3. The third sort of directions are for the ordering of evil thoughts, when they do intrude. And,

(1.) Examine them.—Look often into your heart to see what it is doing; and what thoughts you find dabbling in it, call to an account: inquire what business they have, what their errand and design is, whence they come, and whither they tend. David asked his soul the reason of its troubled thoughts: "Why art thou disquieted, O my soul?" (Psalm 42:11:) so ask thy heart the reason why it entertains such ill company, and by what authority they come there; and leave not chiding, till thou hast put it to the blush. Bring every thought to the test of the word. Asaph had envious thoughts at "the prosperity of the wicked," (Psalm 73:2, 3,) which had almost tripped him up, and laid him on his back. And these had blown-up atheistical thoughts, that God did not much regard whether his commands were kept or no; as though God had untied the link between duty and reward, and the breach of his laws were the readiest means to a favourable recompence. Verse 13: "I have cleansed my heart in vain." But when he weighed things in the balance of the sanctuary, by the holy rules of God's patience and justice, (verse 17,) he sees the brutishness of his former conceits. Verse 22: "So foolish was I, and ignorant: I was as a beast before thee;" and, verse 25, he makes an improvement of them, to excite his desire for God, and delight in him. Let us compare our thoughts with scripture-rules. "Comparing spiritual things with spiritual," is the way to understand them; comparing spiritual sins with spiritual commands, is the way to know them; and comparing spiritual vices with spiritual graces, is the way to loathe them. Take not, then, any thing upon trust from a crazy fancy; nor, without a scrutiny, believe that faculty whereby dogs dream, and animals perform their natural exploits.

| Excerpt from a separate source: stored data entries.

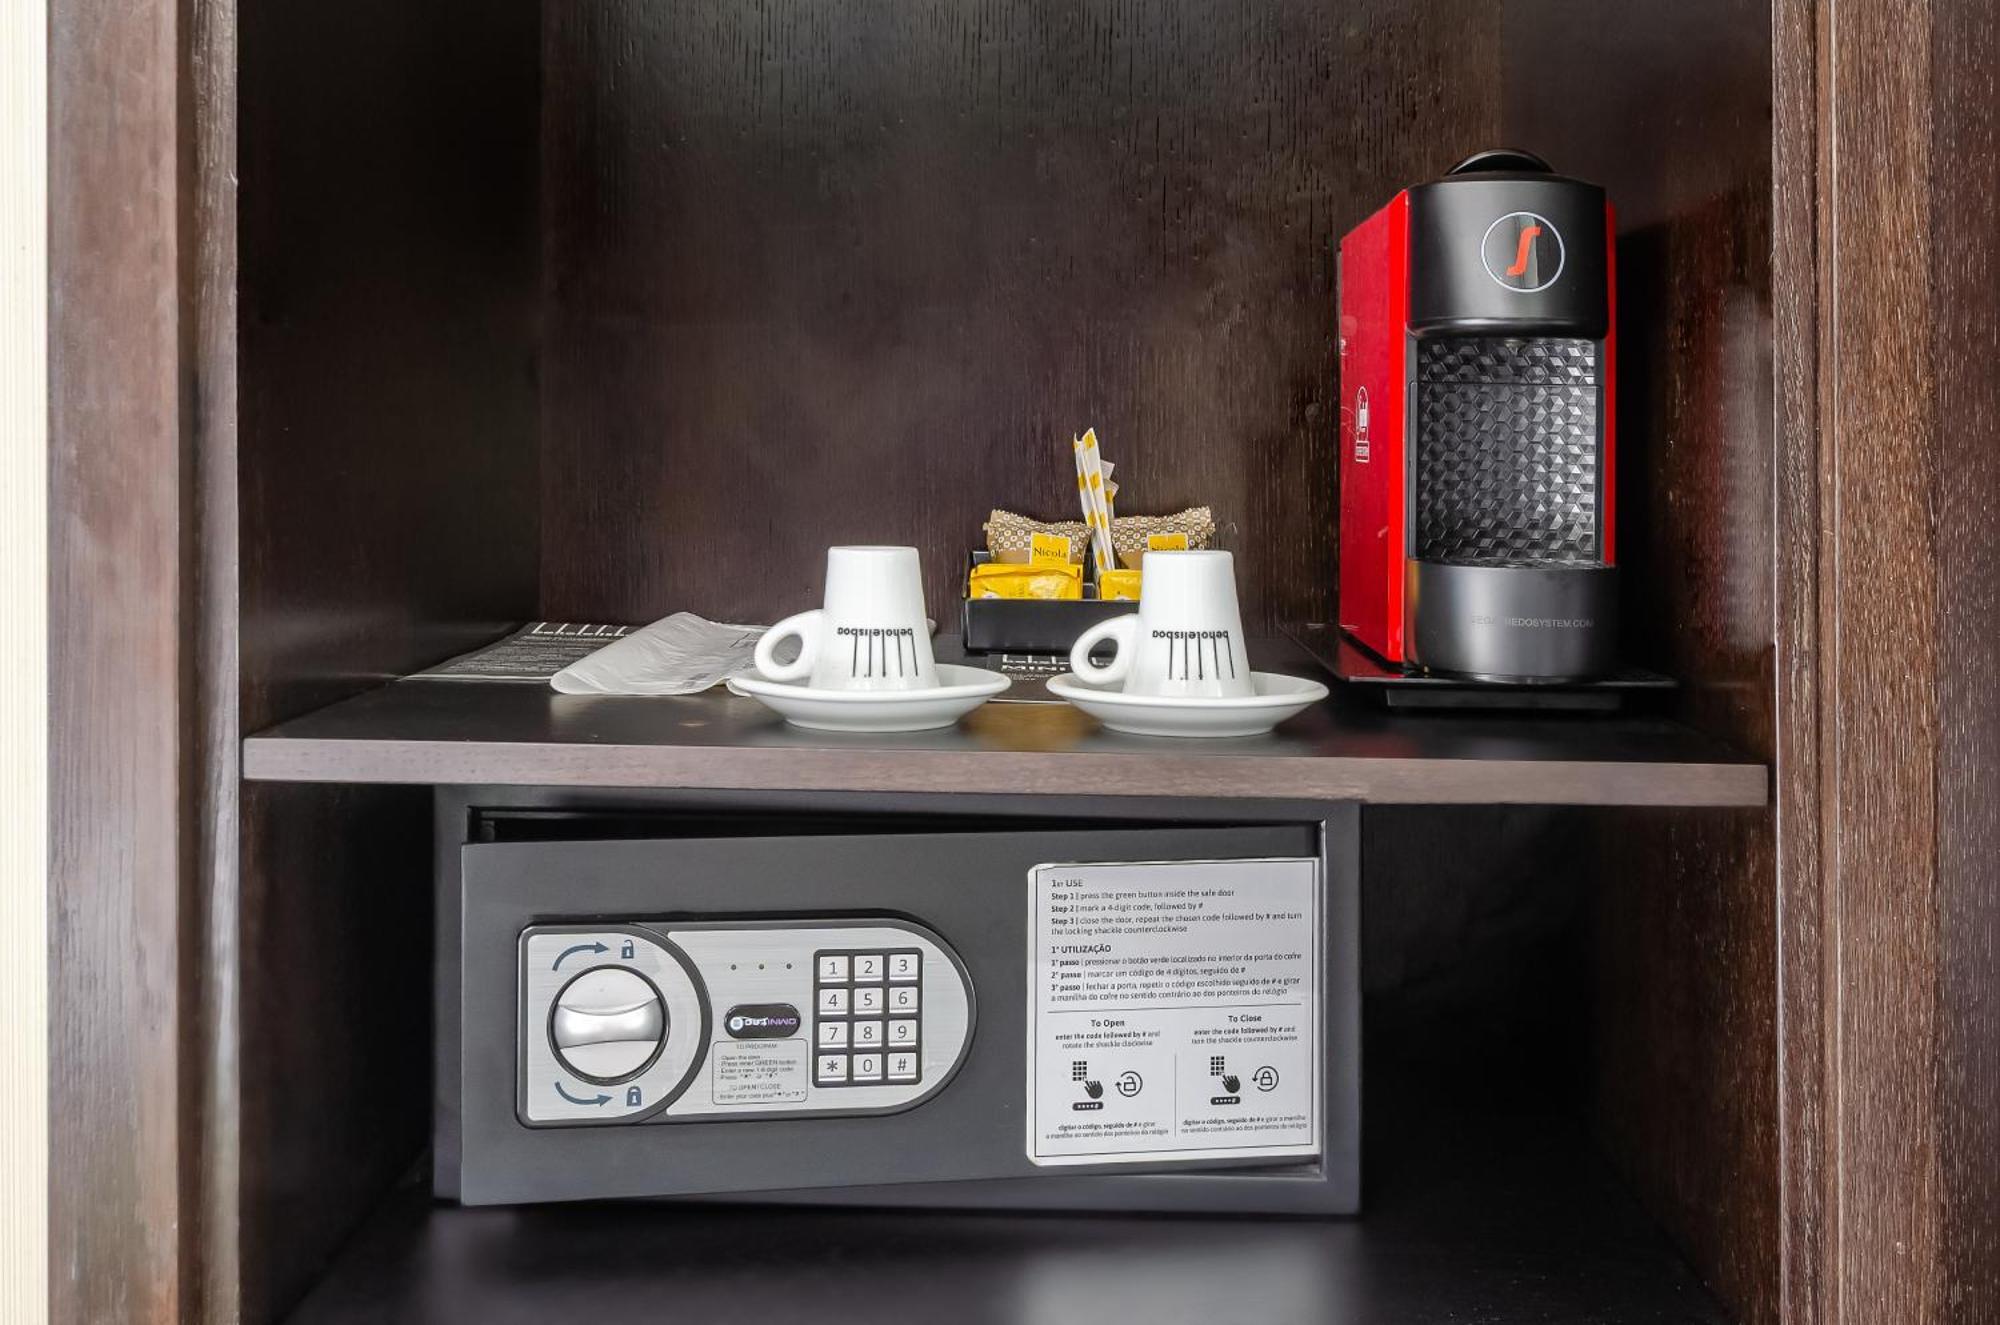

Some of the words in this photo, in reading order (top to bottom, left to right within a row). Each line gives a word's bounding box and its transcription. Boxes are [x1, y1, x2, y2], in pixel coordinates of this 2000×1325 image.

[1034, 547, 1067, 558] Nicola
[1108, 904, 1131, 912] 4-digit
[1136, 916, 1159, 924] repeat
[1256, 913, 1264, 921] by
[1065, 927, 1092, 936] locking
[1061, 944, 1111, 954] UTILIZAÇÃO
[1085, 958, 1120, 966] pressionar
[1255, 954, 1272, 962] porta
[829, 962, 837, 975] 1
[864, 960, 872, 973] 2
[899, 960, 907, 972] 3
[1129, 969, 1153, 977] código
[1201, 967, 1228, 975] seguido
[1060, 984, 1080, 992] passo
[1140, 981, 1163, 990] repetir
[1172, 980, 1195, 988] código
[1197, 979, 1231, 987] escolhido
[1131, 991, 1157, 999] sentido
[1159, 990, 1191, 998] contrário
[1217, 989, 1249, 997] ponteiros
[1262, 988, 1287, 996] relógio
[829, 994, 838, 1007] 4
[864, 993, 872, 1006] 5
[899, 992, 907, 1004] 6
[1104, 1020, 1124, 1028] Open
[829, 1027, 838, 1040] 7
[864, 1026, 872, 1039] 8
[898, 1026, 906, 1038] 9
[864, 1059, 872, 1072] 0
[898, 1058, 906, 1071] #
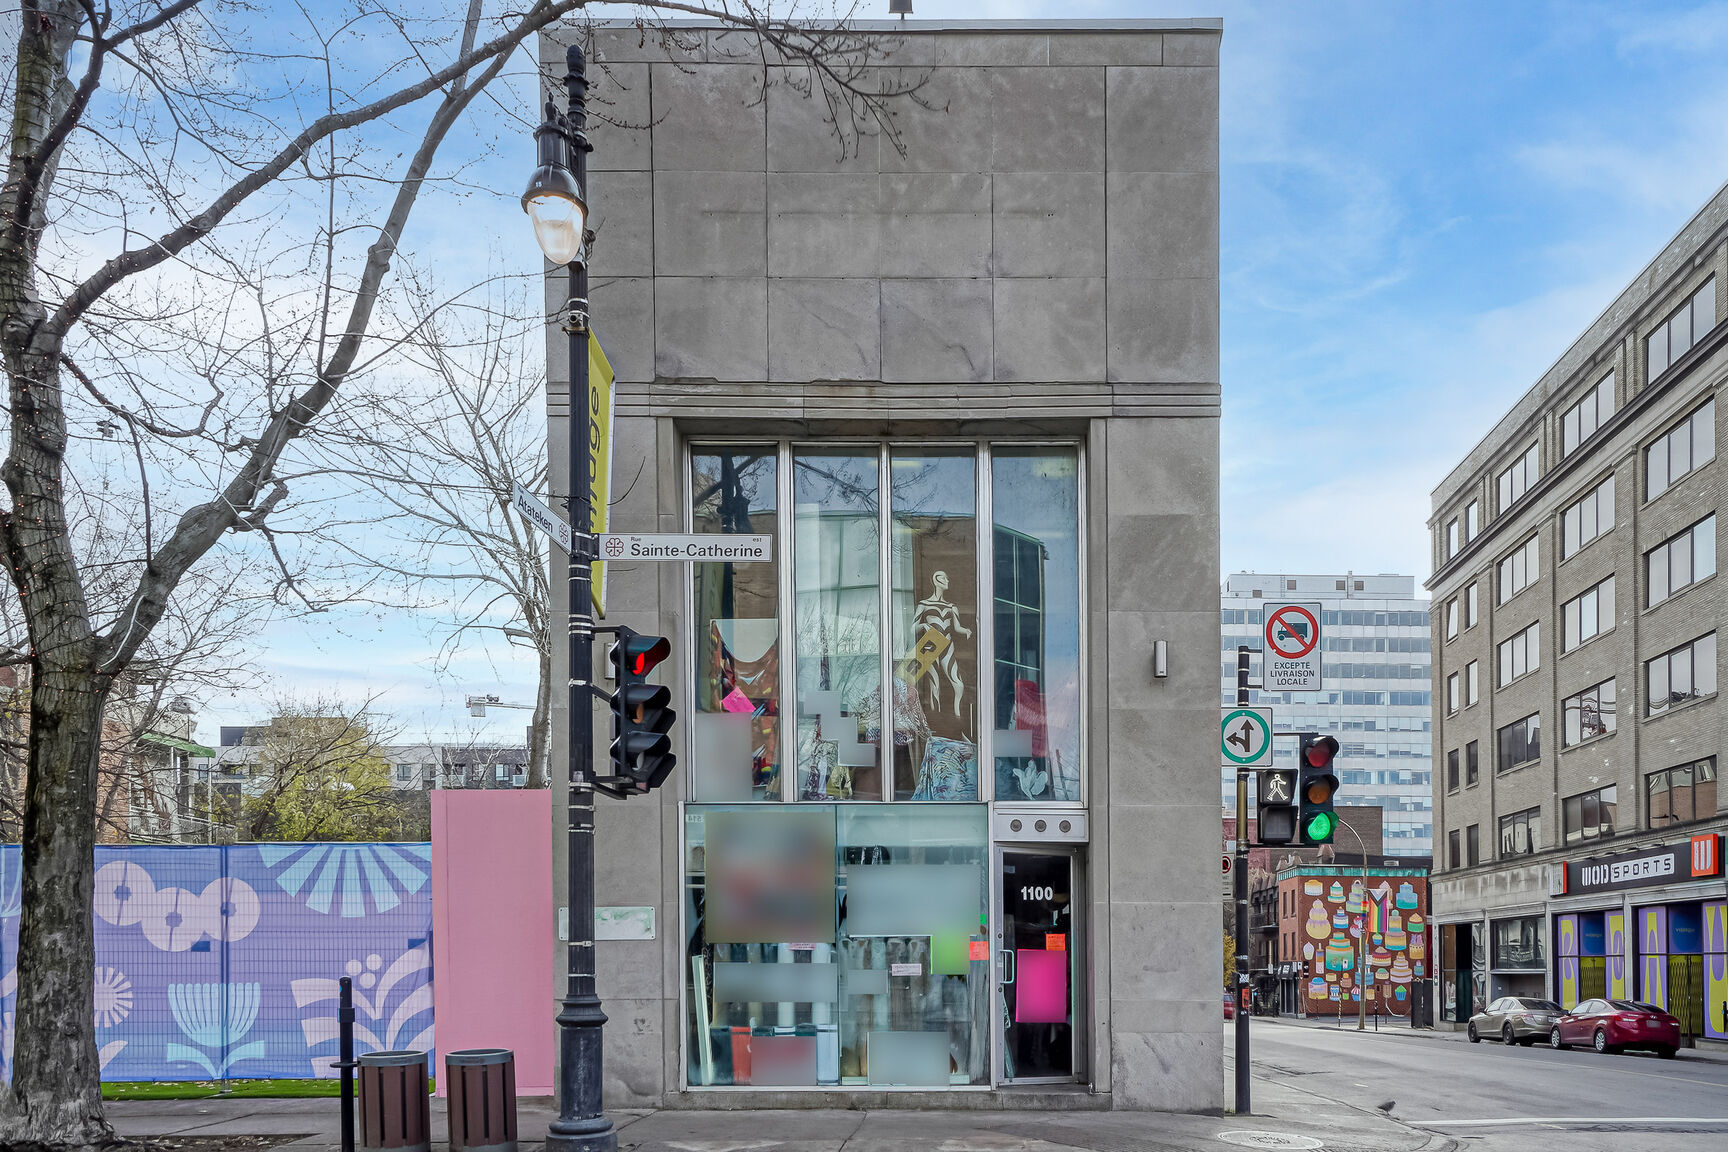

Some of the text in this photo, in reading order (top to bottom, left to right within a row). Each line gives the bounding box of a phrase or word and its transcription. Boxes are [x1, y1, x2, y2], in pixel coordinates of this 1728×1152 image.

(2.) Check them at the first appearance.—If they bear upon them a palpable mark of sin, bestow not upon them the honour of an examination. If the leprosy appear in their foreheads, thrust them, as the priests did Uzziah, out of the temple; or as David answered his wicked solicitors: "Depart from me, ye evil-doers: for I will keep the commandments of my God." (Psalm 119:115.) Though we cannot hinder them from haunting us, yet we may from lodging in us. The very sparkling of an abominable motion in our hearts is as little to be looked upon, as the colour of wine in a glass by a man inclined to drunkenness. Quench them instantly, as you would do a spark of fire in a heap of straw. We must not treat with them: Paul's resolve is a good pattern,—not to "confer with flesh and blood."* (Gal. 1:16.) We do not debate whether we should shake a viper off our hands. If it be plainly a sinful motion, a treaty with it is a degree of disobedience; for a putting it to the question, whether we should suckle it, is to question whether God should be obeyed or no. If it "savour not the things of God," hear not its reasons, and compliment it with no less indignation than our Saviour did his officious disciple upon his carnal advice: "Get thee behind me, Satan." (Matt. 16:22, 23.) Excuse it not, because it is little. Small vapours may compact themselves into great clouds, and obstruct our sight of heaven; a little poison may spread its venom through a great quantity of meat. We know not how big a small motion, like a crocodile's egg, may grow, and how ravenous the breed may prove: it may, if entertained, force our judgment, drag our will, and make all our affections bedlams.† Besides, since the fancy is that power in us upon which the devil can immediately imprint his suggestions, and that we know not what army he hath to back any sinful motion if once the gate be set open, let us crush the brat betimes, and fling the head over the wall, to discourage the party. Well, then, let us be ashamed to cherish that in our thoughts which we should be ashamed should break-out in our words or actions. Therefore, as soon as you perceive it base, spit it out with detestation, as you do a thing you unexpectedly find ungrateful to your palate.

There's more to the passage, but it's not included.